→ **GOAL OF THE EXERCISE**: The answer must be an exact copy of the records, with every picture left out.
##### DATA TO USE
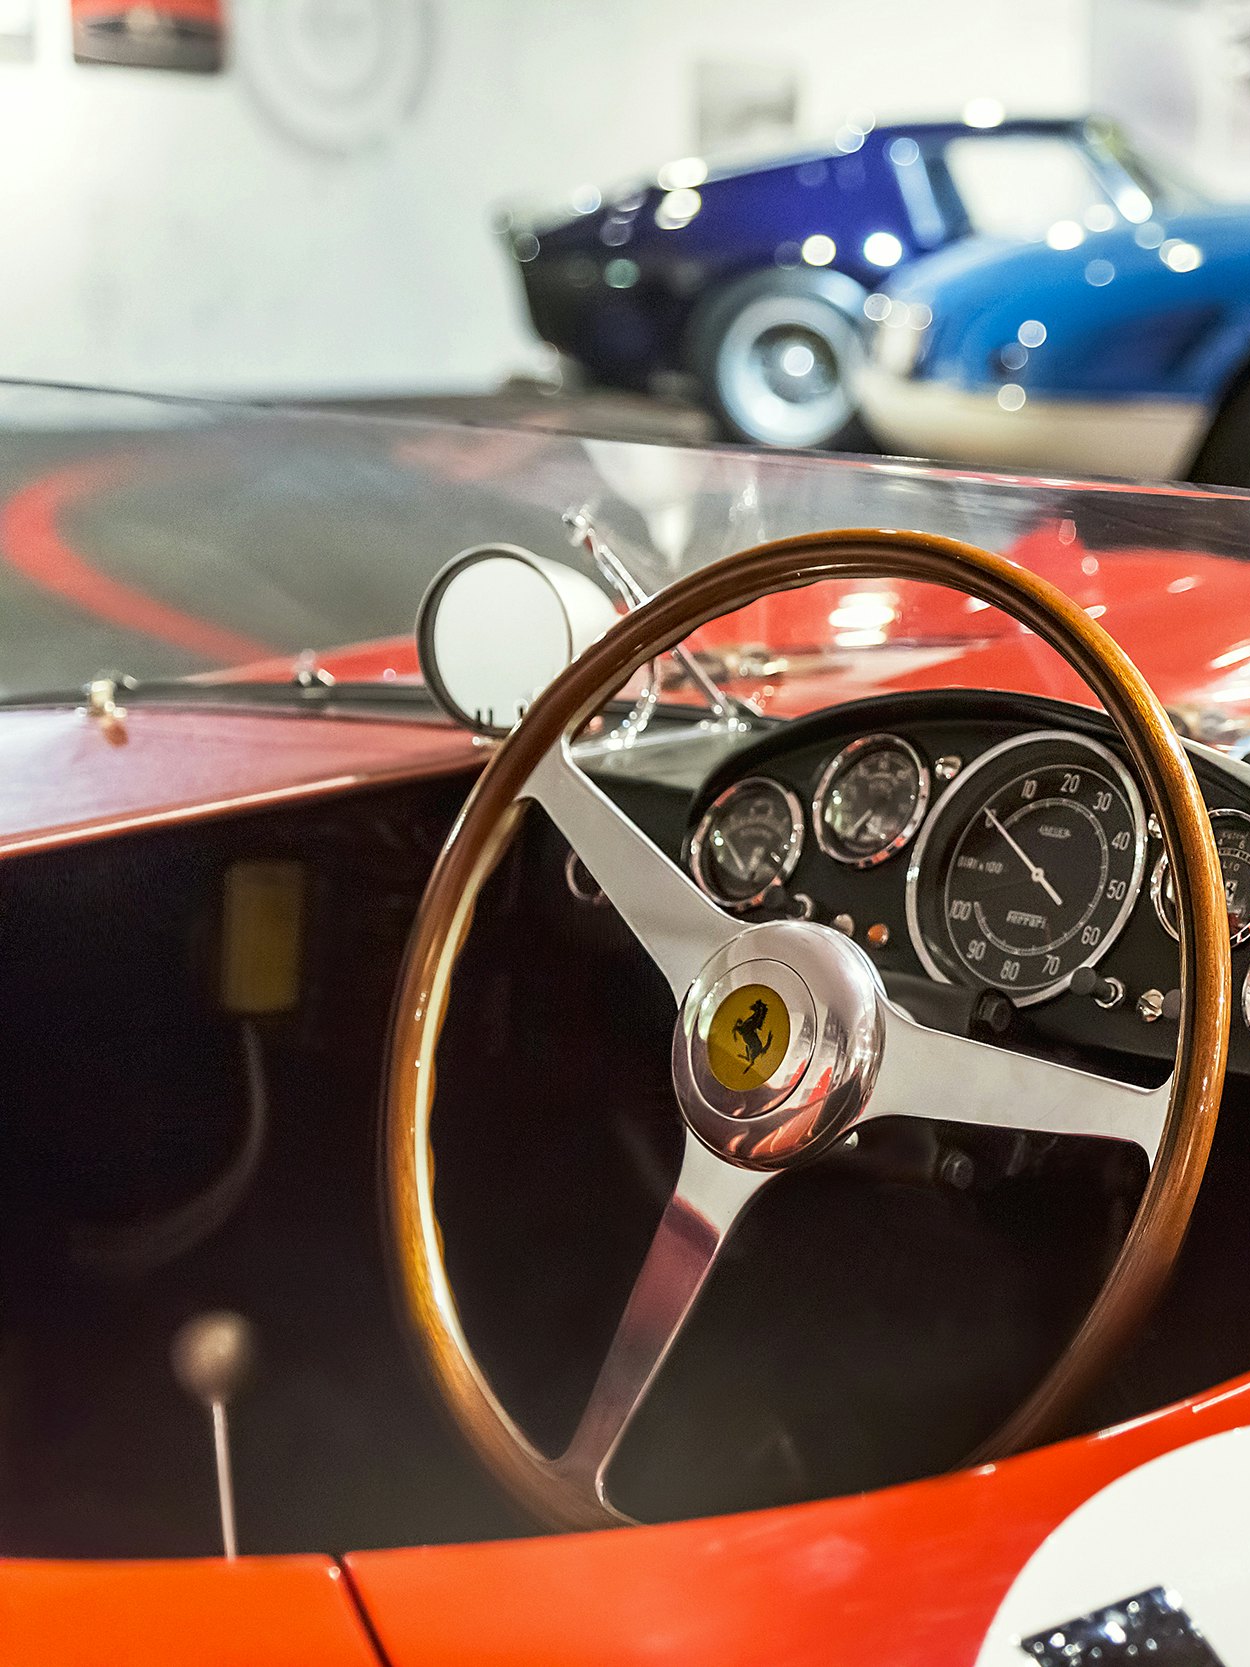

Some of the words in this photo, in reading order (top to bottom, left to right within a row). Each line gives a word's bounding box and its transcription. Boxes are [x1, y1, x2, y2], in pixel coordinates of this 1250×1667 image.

[1021, 779, 1037, 799] 10
[1061, 773, 1080, 793] 20
[1093, 791, 1112, 812] 30
[1112, 831, 1130, 850] 40
[1239, 840, 1245, 850] 6
[1107, 880, 1126, 900] 50
[949, 900, 972, 920] 100
[1081, 926, 1100, 946] 60
[967, 940, 986, 961] 90
[1000, 961, 1019, 981] 80
[1041, 955, 1060, 976] 70
##########
→ **EXERCISE RESULT**:
Some of the words in this photo, in reading order (top to bottom, left to right within a row). Each line gives a word's bounding box and its transcription. Boxes are [x1, y1, x2, y2], in pixel coordinates of this 1250×1667 image.

[1021, 779, 1037, 799] 10
[1061, 773, 1080, 793] 20
[1093, 791, 1112, 812] 30
[1112, 831, 1130, 850] 40
[1239, 840, 1245, 850] 6
[1107, 880, 1126, 900] 50
[949, 900, 972, 920] 100
[1081, 926, 1100, 946] 60
[967, 940, 986, 961] 90
[1000, 961, 1019, 981] 80
[1041, 955, 1060, 976] 70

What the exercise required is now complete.